### Exercise requirements
Keep the images out while you retype all of the data exactly.

**** Material shown

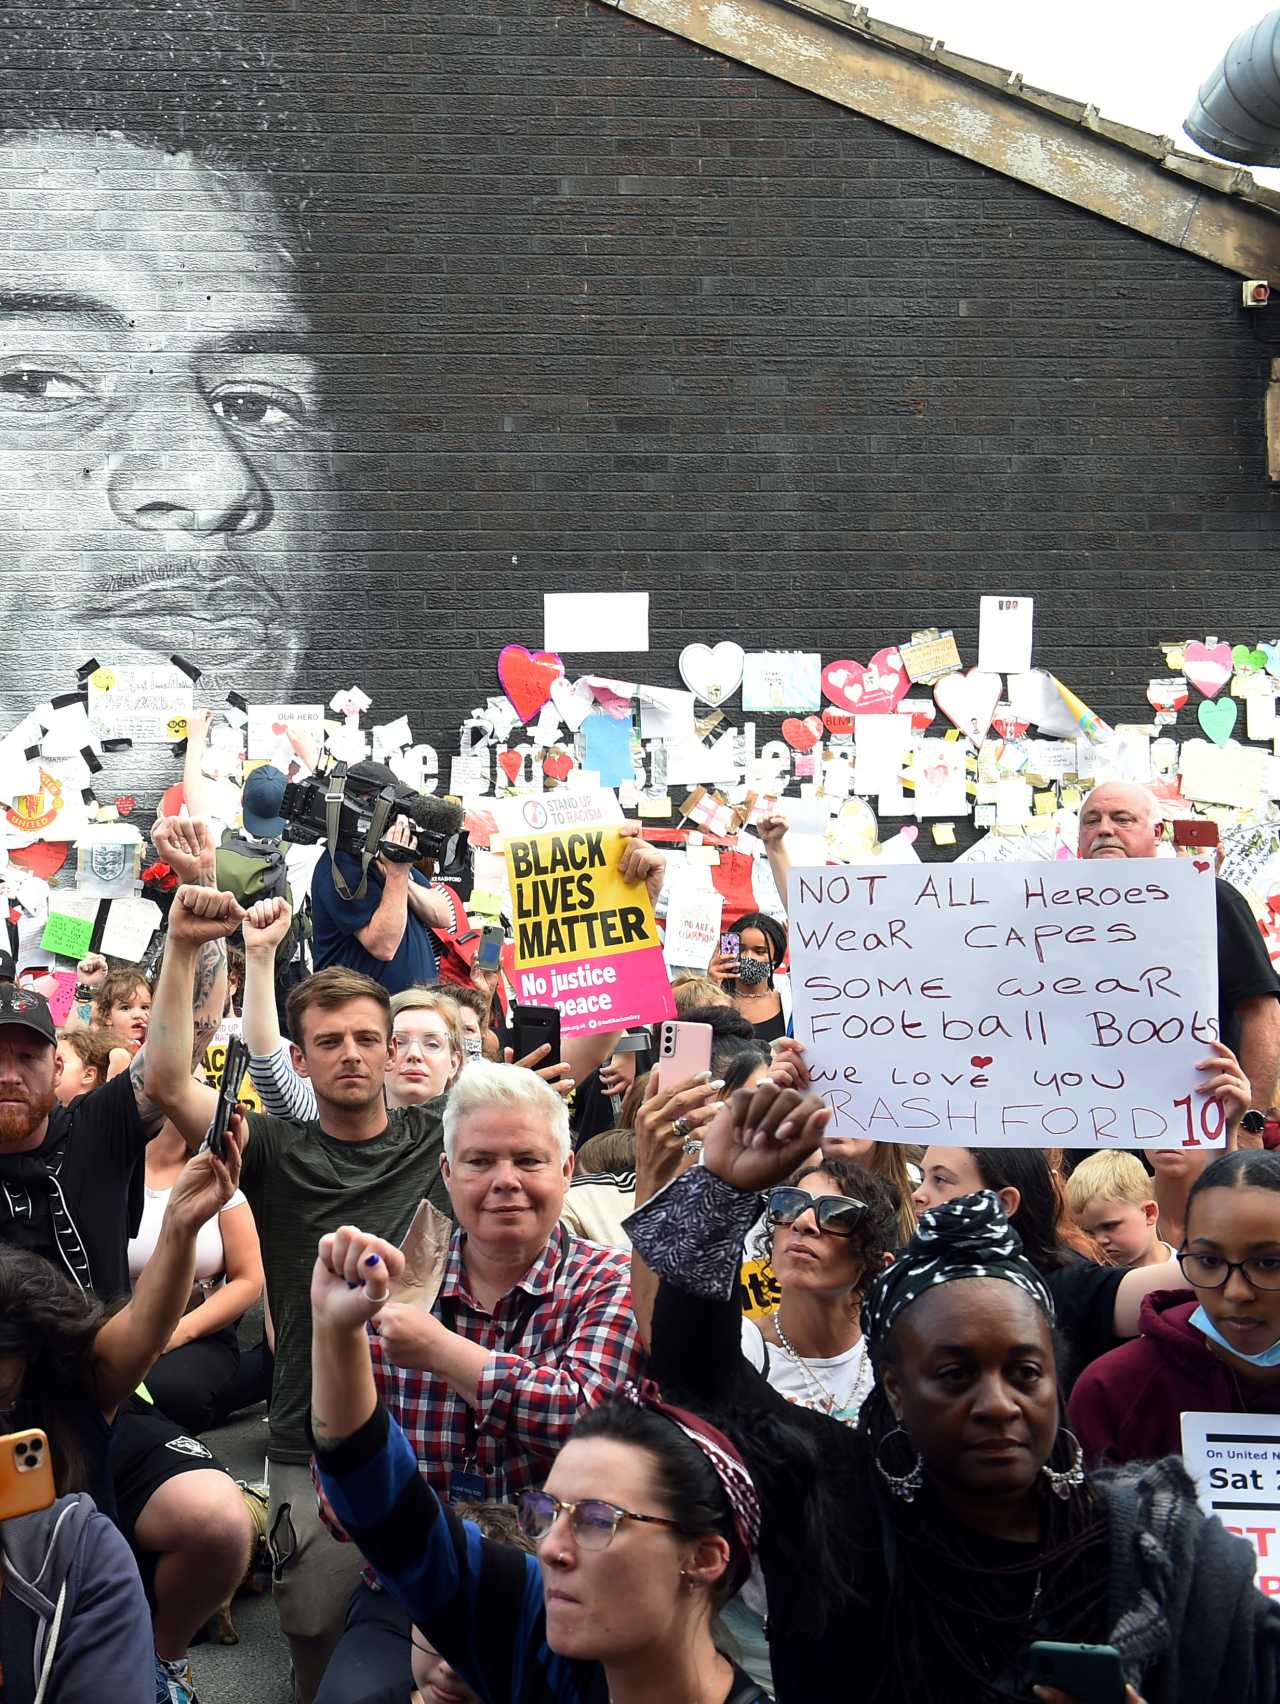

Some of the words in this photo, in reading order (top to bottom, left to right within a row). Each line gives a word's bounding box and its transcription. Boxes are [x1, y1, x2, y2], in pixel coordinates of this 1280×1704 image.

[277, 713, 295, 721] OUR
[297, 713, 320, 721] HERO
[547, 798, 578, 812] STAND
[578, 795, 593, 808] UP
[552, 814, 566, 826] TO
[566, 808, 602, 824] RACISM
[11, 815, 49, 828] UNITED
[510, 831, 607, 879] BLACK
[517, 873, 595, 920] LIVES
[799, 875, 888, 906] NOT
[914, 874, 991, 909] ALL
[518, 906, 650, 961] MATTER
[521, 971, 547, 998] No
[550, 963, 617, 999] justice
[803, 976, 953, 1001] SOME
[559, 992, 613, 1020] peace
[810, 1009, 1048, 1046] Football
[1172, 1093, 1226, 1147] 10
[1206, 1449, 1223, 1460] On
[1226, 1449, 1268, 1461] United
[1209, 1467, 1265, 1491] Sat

********

### Written reply
Some of the words in this photo, in reading order (top to bottom, left to right within a row). Each line gives a word's bounding box and its transcription. Boxes are [x1, y1, x2, y2], in pixel coordinates of this 1280×1704 image.

[277, 713, 295, 721] OUR
[297, 713, 320, 721] HERO
[547, 798, 578, 812] STAND
[578, 795, 593, 808] UP
[552, 814, 566, 826] TO
[566, 808, 602, 824] RACISM
[11, 815, 49, 828] UNITED
[510, 831, 607, 879] BLACK
[517, 873, 595, 920] LIVES
[799, 875, 888, 906] NOT
[914, 874, 991, 909] ALL
[518, 906, 650, 961] MATTER
[521, 971, 547, 998] No
[550, 963, 617, 999] justice
[803, 976, 953, 1001] SOME
[559, 992, 613, 1020] peace
[810, 1009, 1048, 1046] Football
[1172, 1093, 1226, 1147] 10
[1206, 1449, 1223, 1460] On
[1226, 1449, 1268, 1461] United
[1209, 1467, 1265, 1491] Sat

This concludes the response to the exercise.